Benarkah untuk mulai menulis diperlukan sebuah spirit atau dorongan gaib? Benar. Namun yang dimaksud sebagai dorongan gaib di sini bukan semacam ilham atau inspirasi berupa kekuatan supranatural yang tiba-tiba datang setelah penulis merenung, menyepi, atau melakukan meditasi.
Jelasnya untuk mulai menulis tidak bisa mengandalkan ritual nyleneh di luar nalar kewarasan. Atau dengan melalui minum-minuman keras, merokok, konsumsi obat-obat terlarang hingga narkotika.
Anggapan bahwa untuk memperoleh inspirasi menulis dengan menghabiskan berbotol-botol minuman keras atau berbatang-batang rokok sebenarnya sedang menipu diri. Minuman keras dan sejenisnya justru akan merusak fisik seseorang.
Lantas dari mana spirit untuk mulai menulis bisa kita peroleh? Spirit untuk menulis bisa diperoleh dengan melakukan diskusi, dialog, atau monolog. Diskusi dilakukan antara penulis dengan banyak pihak, dialog penulis dengan dengan satu pihak atau monolog dengan dirinya sendiri.
Diskusi atau dialog di sini tidak harus diartikan secara harfiah, melainkan bisa dengan membaca buku, artikel, atau bahan rujukan lain. Namun paling kuat spirit untuk mulai menulis apabila kita mau berdiskusi dengan rekan satu komunitas penggiat literasi.
Seperti dari grup Rumah Virus Literasi (RVL) misalnya saya mendapat nasihat dari Much Khoiri tentang pentingya membaca buku.
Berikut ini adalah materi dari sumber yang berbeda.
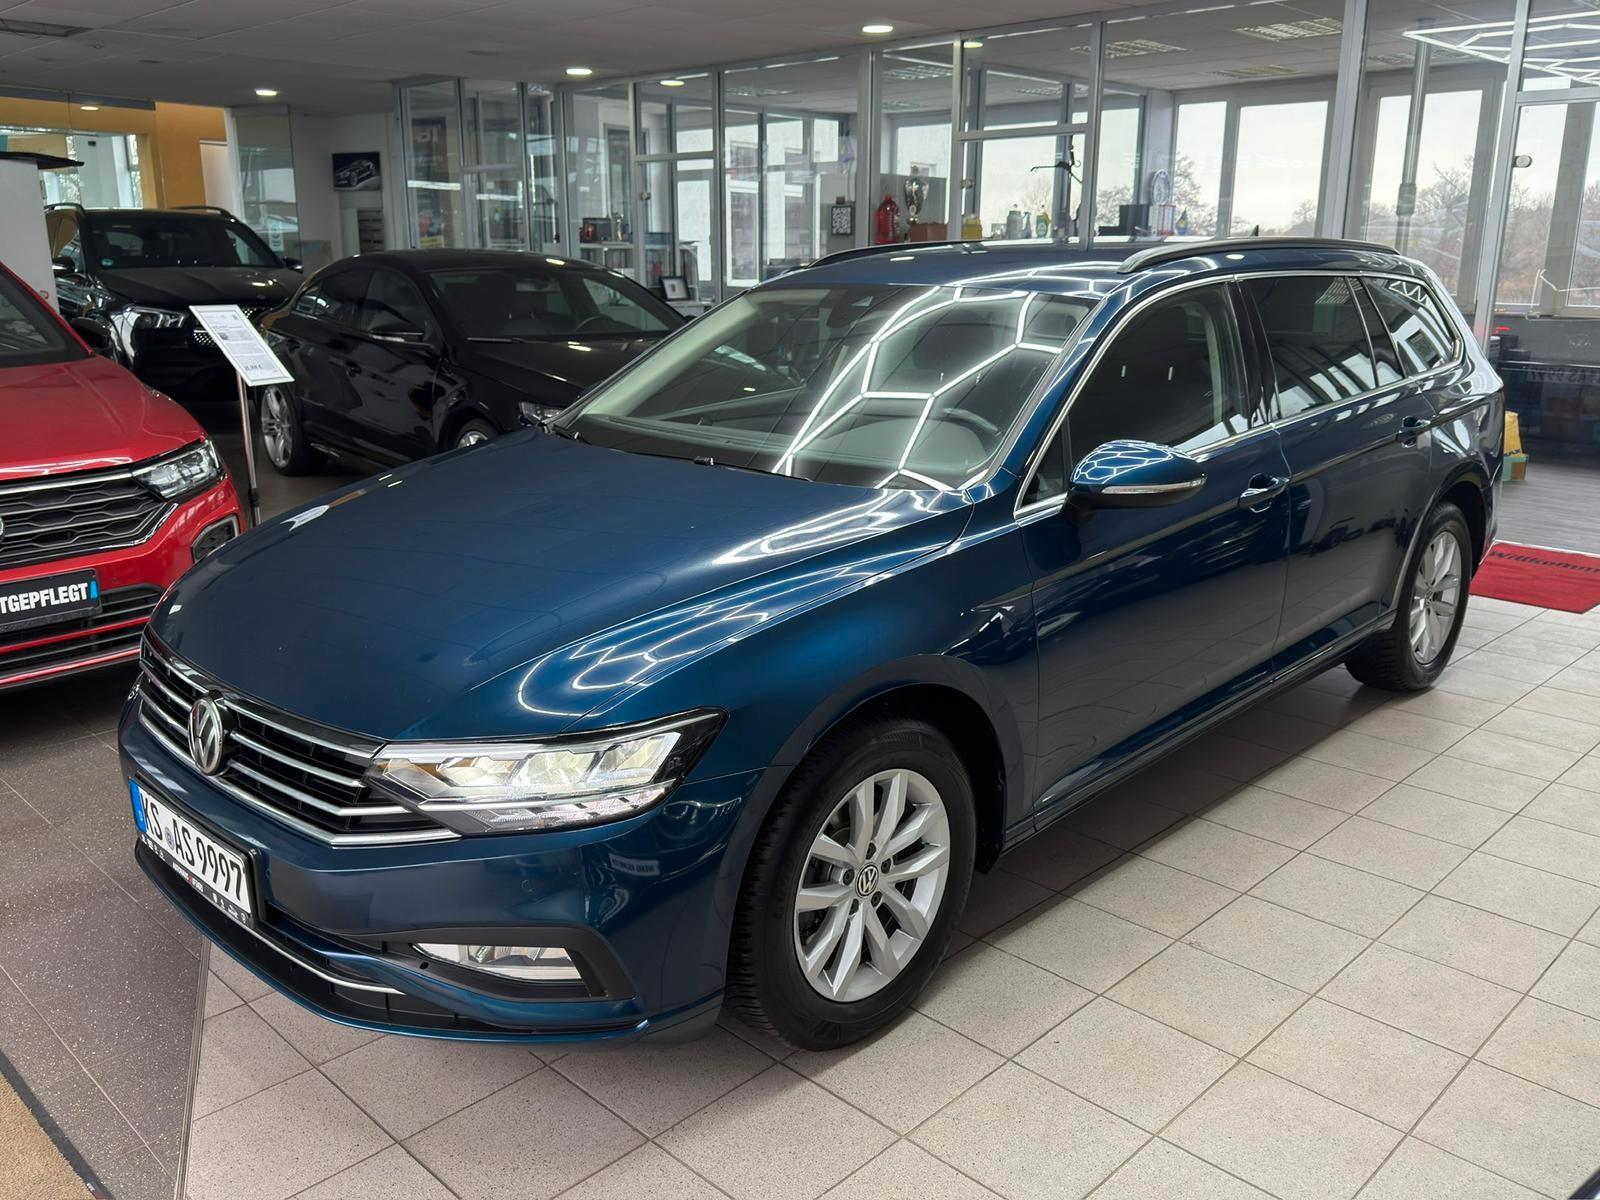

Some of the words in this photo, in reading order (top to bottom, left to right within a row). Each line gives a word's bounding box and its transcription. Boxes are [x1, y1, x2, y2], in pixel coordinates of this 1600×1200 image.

[0, 582, 88, 614] TGEPFLEGT
[140, 793, 163, 841] KS
[172, 819, 195, 866] AS
[196, 837, 241, 901] 9997
[858, 866, 878, 894] VW
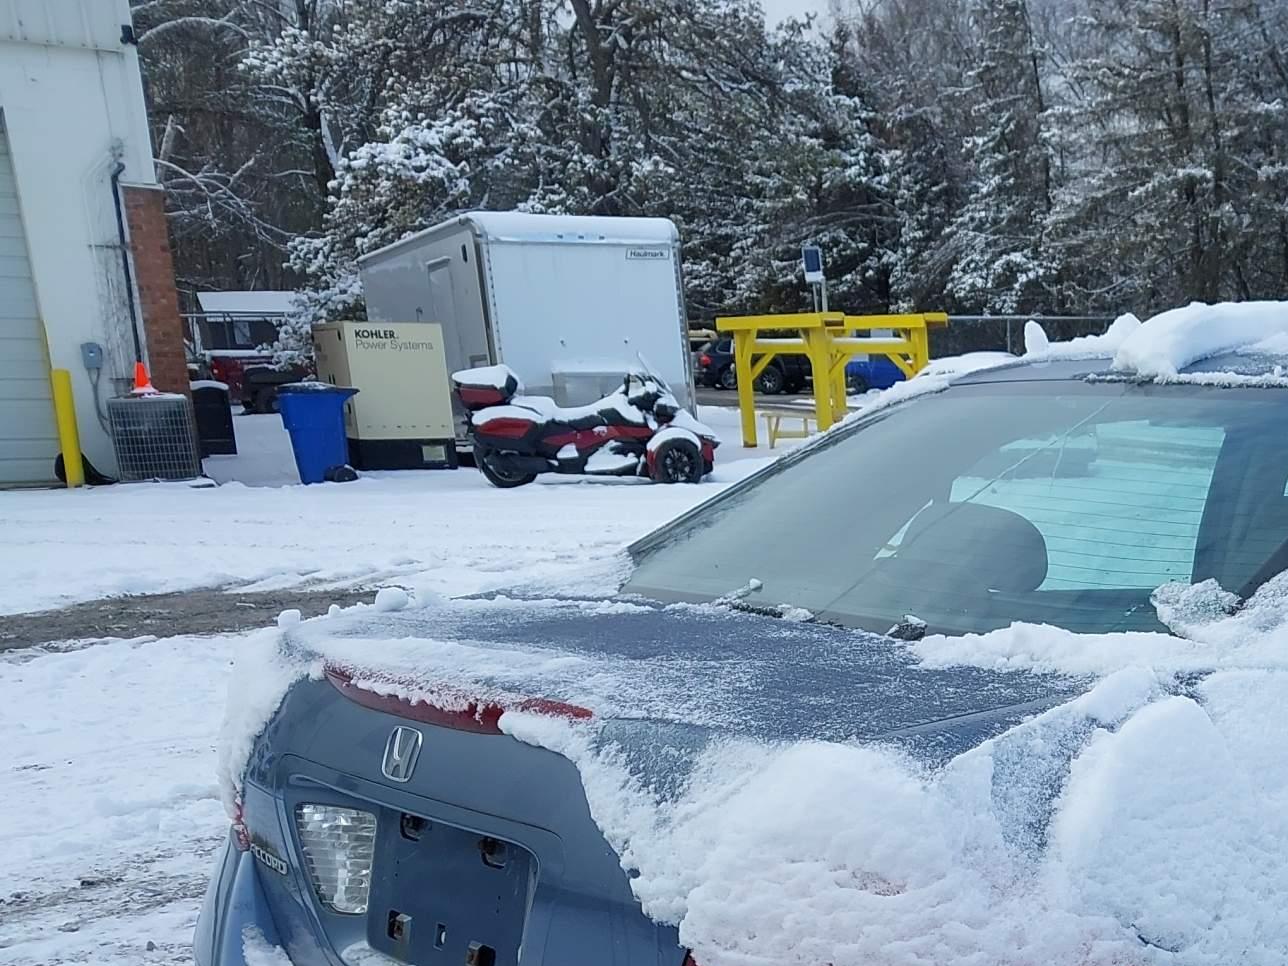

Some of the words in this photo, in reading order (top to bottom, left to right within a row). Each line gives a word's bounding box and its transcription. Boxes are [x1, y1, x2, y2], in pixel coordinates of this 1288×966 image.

[630, 249, 664, 257] Haulmark
[354, 329, 396, 339] KOHLER
[355, 340, 386, 350] Power
[390, 340, 433, 352] Systems
Much Khoiri, salah satu penggiat literasi yang biasa disapa Mr Emcho ini mengingatkan untuk mulai menulis artikel dari membaca buku.
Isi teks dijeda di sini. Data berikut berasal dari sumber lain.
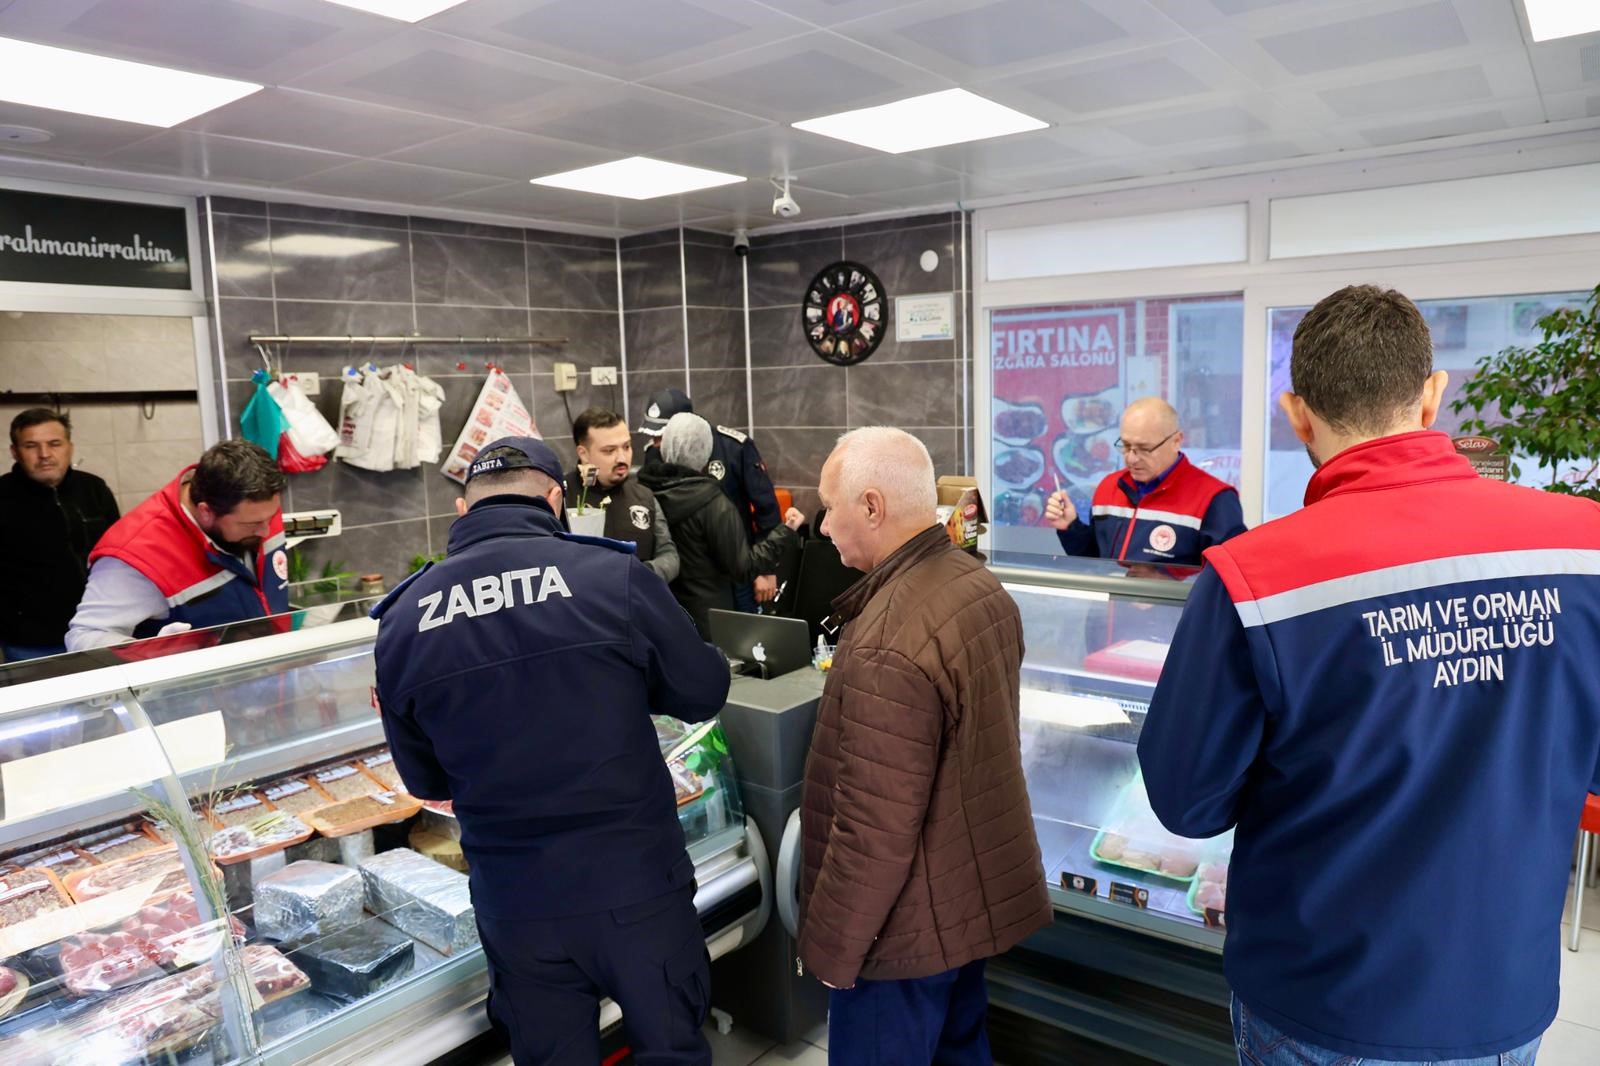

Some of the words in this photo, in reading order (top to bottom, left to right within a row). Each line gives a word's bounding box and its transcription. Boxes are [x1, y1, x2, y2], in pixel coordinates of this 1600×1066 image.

[992, 324, 1114, 357] FIRTINA
[992, 354, 1045, 370] ZGARA
[1050, 351, 1116, 368] SALONU
[472, 459, 502, 473] ZABITA
[418, 565, 572, 632] ZABITA
[1362, 602, 1433, 637] TARIM
[1436, 597, 1467, 625] VE
[1472, 588, 1561, 620] ORMAN
[1406, 614, 1554, 662] MÜDÜRLÜĞÜ
[1433, 654, 1504, 688] AYDIN
Lebih lanjut dijelaskan bahwa untuk menulis artikel dari membaca buku setidaknya ada dua teknik yang bisa dipilih. Kita bisa memilih salah satunya. Mana yang paling disuka.
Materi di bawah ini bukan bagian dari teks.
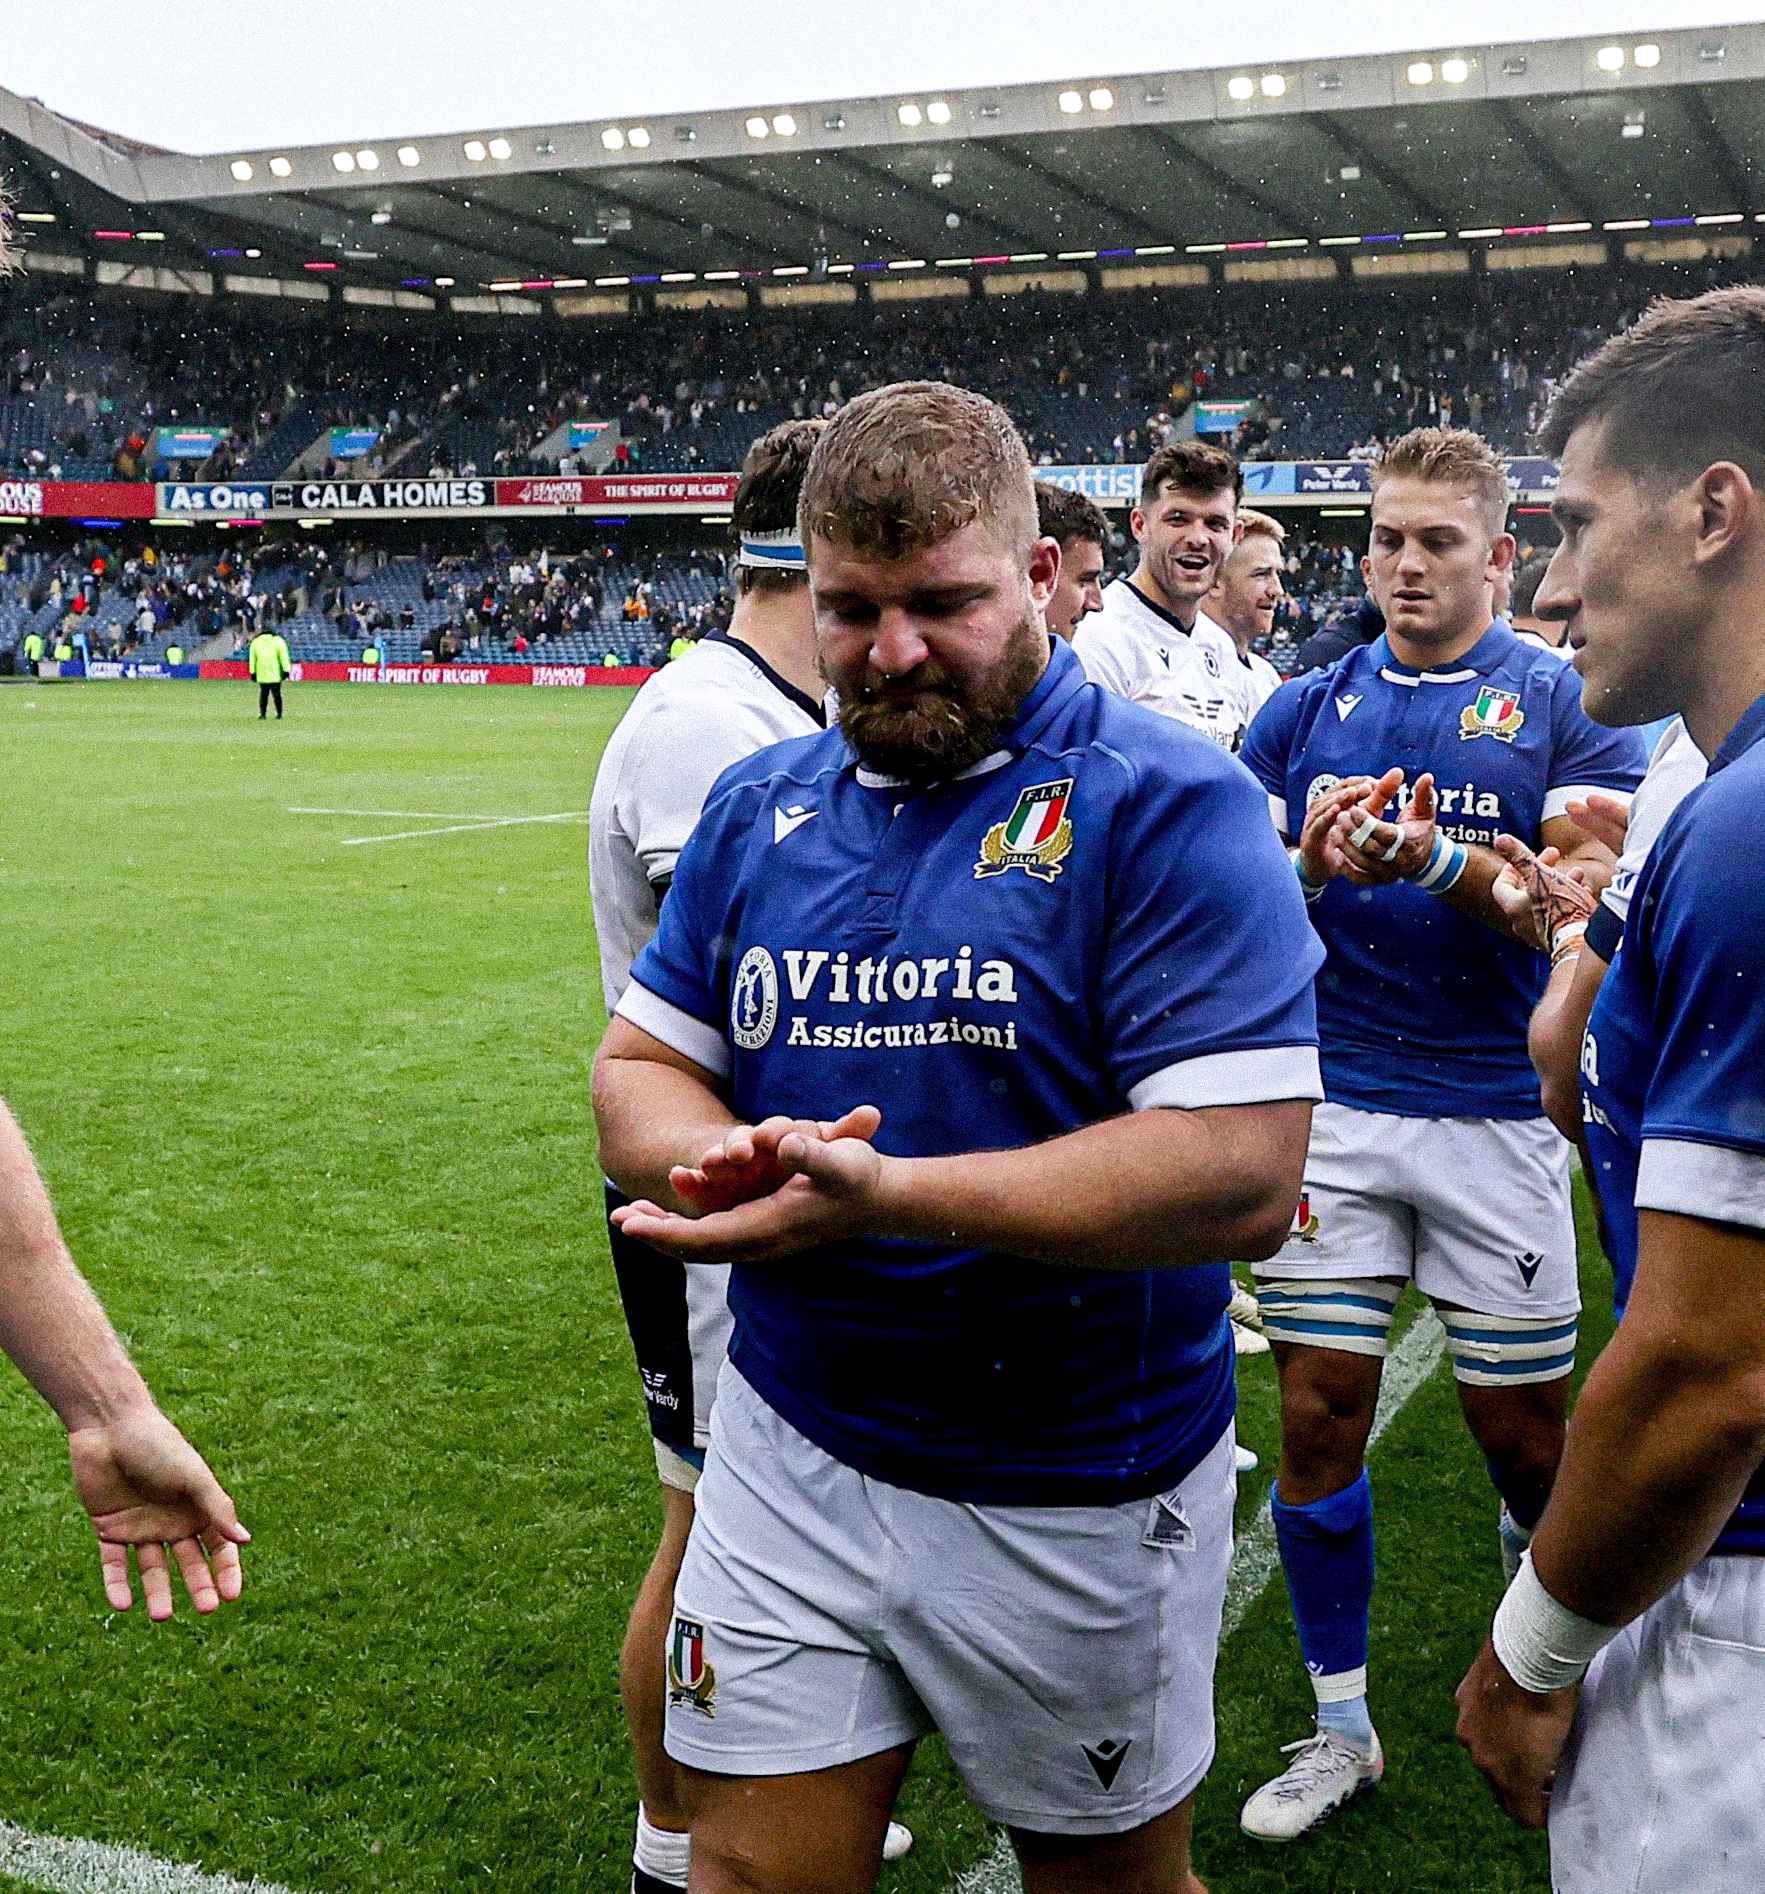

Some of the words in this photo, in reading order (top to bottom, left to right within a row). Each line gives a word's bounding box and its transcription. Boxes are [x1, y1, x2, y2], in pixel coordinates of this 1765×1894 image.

[171, 486, 206, 509] As
[210, 485, 266, 509] One
[301, 484, 377, 508] CALA
[384, 481, 486, 507] HOMES
[604, 485, 628, 497] THE
[630, 484, 667, 497] SPIRIT
[669, 484, 685, 496] OF
[687, 483, 728, 496] RUGBY
[347, 668, 376, 682] THE
[378, 668, 421, 683] SPIRIT
[422, 669, 441, 683] OF
[443, 669, 490, 684] RUGBY
[1025, 785, 1065, 801] F.I.R.
[1001, 855, 1038, 865] ITALIA
[782, 946, 1018, 1004] Vittoria
[787, 1016, 1018, 1050] Assicurazioni
Pertama, teknik bebas. Artinya kita bisa membuat tulisan dari bacaan itu dengan gaya bebas. Bentuknya bisa berupa pandangan, ringkasan, atau hasil penjelajahan dari buku yang kita baca. Dengan teknik ini kita tidak terbelenggu kaidah struktur penulisan tinjauan buku. Kita sudah bisa menulis meskipun baru membaca sebagian isi buku.
Kedua, teknik terstruktur, Untuk pilihan kedua ini kita perlu mengikuti kaidah membuat resensi buku. Resensi buku secara garis besarnya adalah menyatakan apa isi yang seharusnya dikatakan, dan bagaimana mengatakannya. Atau dengan kata lain mengatakan kembali secara tertulis apa yang sudah dibacanya.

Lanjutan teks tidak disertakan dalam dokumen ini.